Activity -> Repeat each line of the data below exactly, but skip the pictures.

★ ★ ★

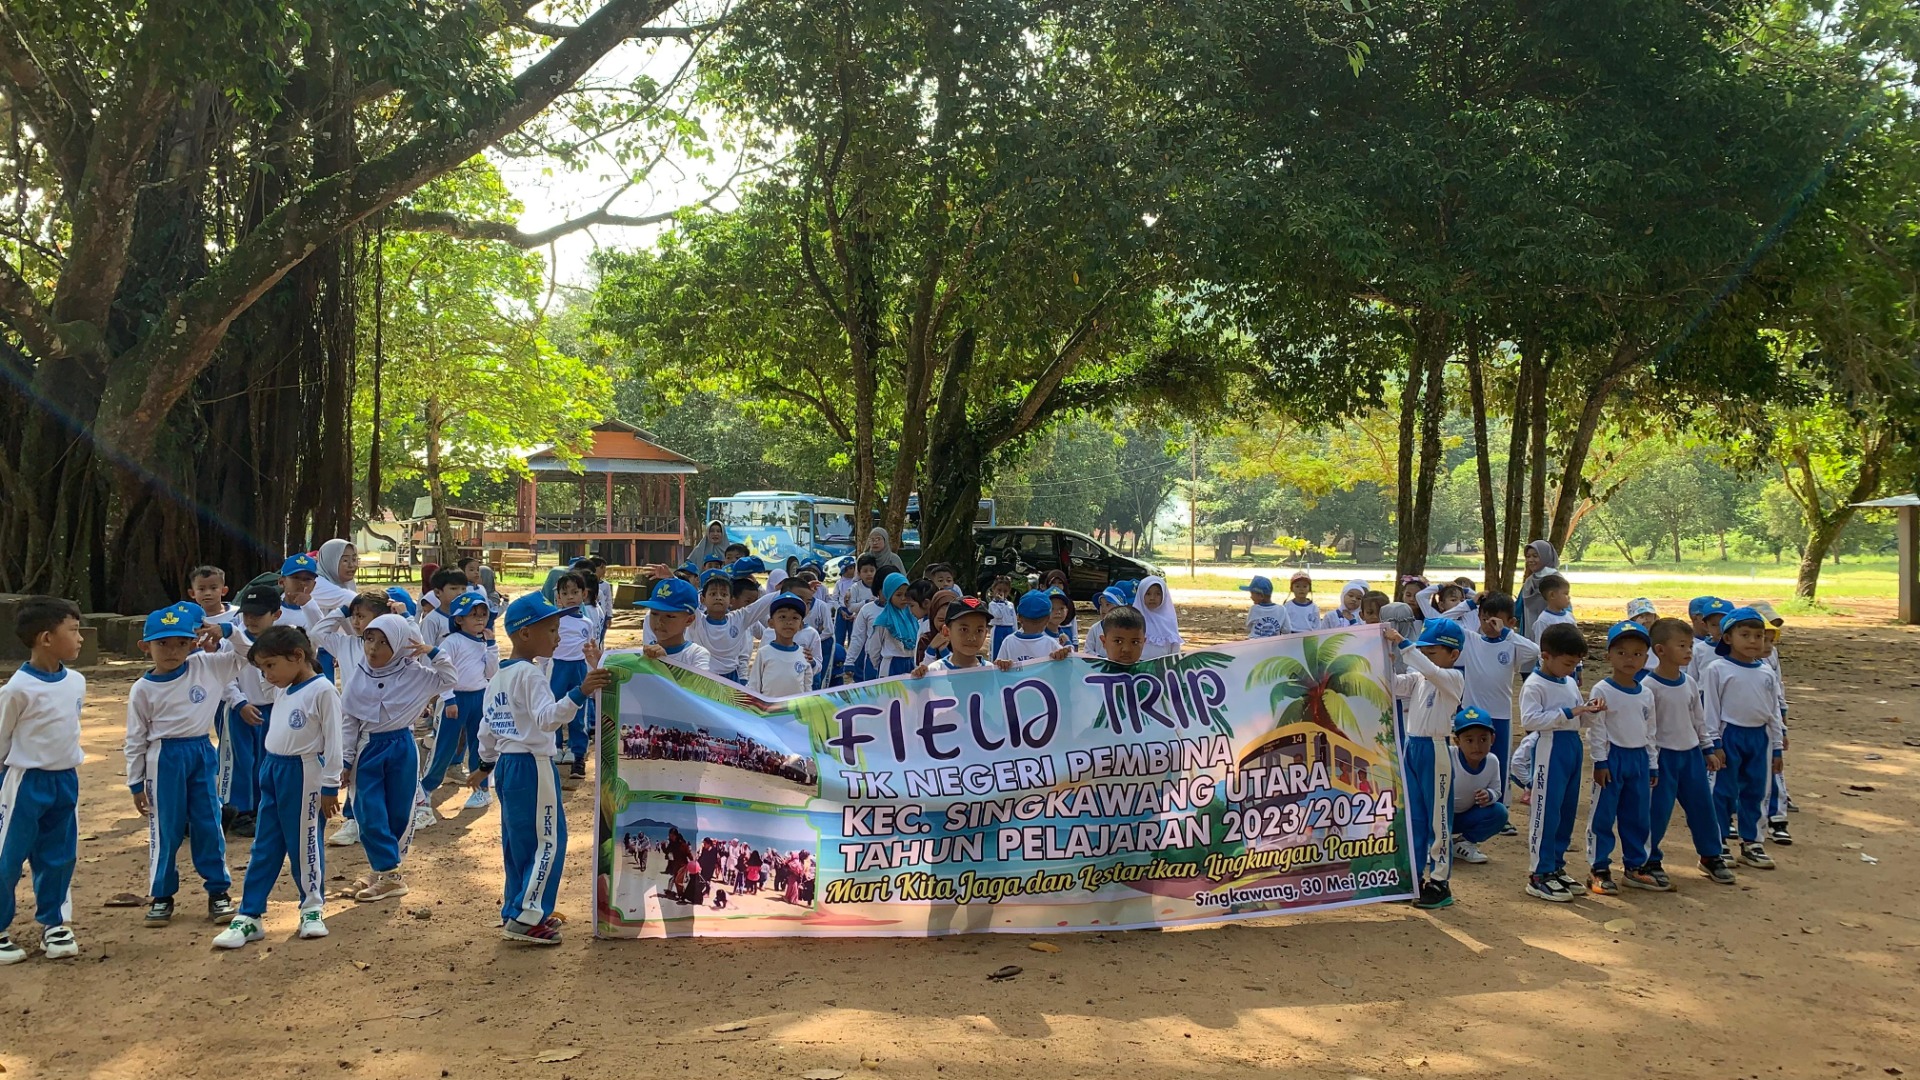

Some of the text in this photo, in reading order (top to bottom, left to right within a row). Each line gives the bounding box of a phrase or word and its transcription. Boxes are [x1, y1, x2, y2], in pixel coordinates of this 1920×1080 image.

[828, 670, 1226, 765] FIELD TRIP
[1291, 734, 1303, 744] 14
[840, 734, 1233, 799] TK NEGERI PEMBINA
[842, 761, 1332, 838] KEC. SINGKAWANG UTARA
[307, 791, 318, 892] TKN PEMBINA
[839, 789, 1396, 873] TAHUN PELAJARAN 2023/2024
[1438, 805, 1448, 864] PEMBINA
[1531, 765, 1545, 854] TKN PEMBINA
[529, 805, 553, 909] TKN PEMBINA
[825, 830, 1398, 905] Mari Kita Jaga dan Lestarikan Lingkungan Pantai
[1194, 869, 1399, 908] Singkawang, 30 Mei 2024

★ ★ ★

Answer area ->
Some of the text in this photo, in reading order (top to bottom, left to right within a row). Each line gives the bounding box of a phrase or word and its transcription. Boxes are [x1, y1, x2, y2], in pixel coordinates of this 1920×1080 image.

[828, 670, 1226, 765] FIELD TRIP
[1291, 734, 1303, 744] 14
[840, 734, 1233, 799] TK NEGERI PEMBINA
[842, 761, 1332, 838] KEC. SINGKAWANG UTARA
[307, 791, 318, 892] TKN PEMBINA
[839, 789, 1396, 873] TAHUN PELAJARAN 2023/2024
[1438, 805, 1448, 864] PEMBINA
[1531, 765, 1545, 854] TKN PEMBINA
[529, 805, 553, 909] TKN PEMBINA
[825, 830, 1398, 905] Mari Kita Jaga dan Lestarikan Lingkungan Pantai
[1194, 869, 1399, 908] Singkawang, 30 Mei 2024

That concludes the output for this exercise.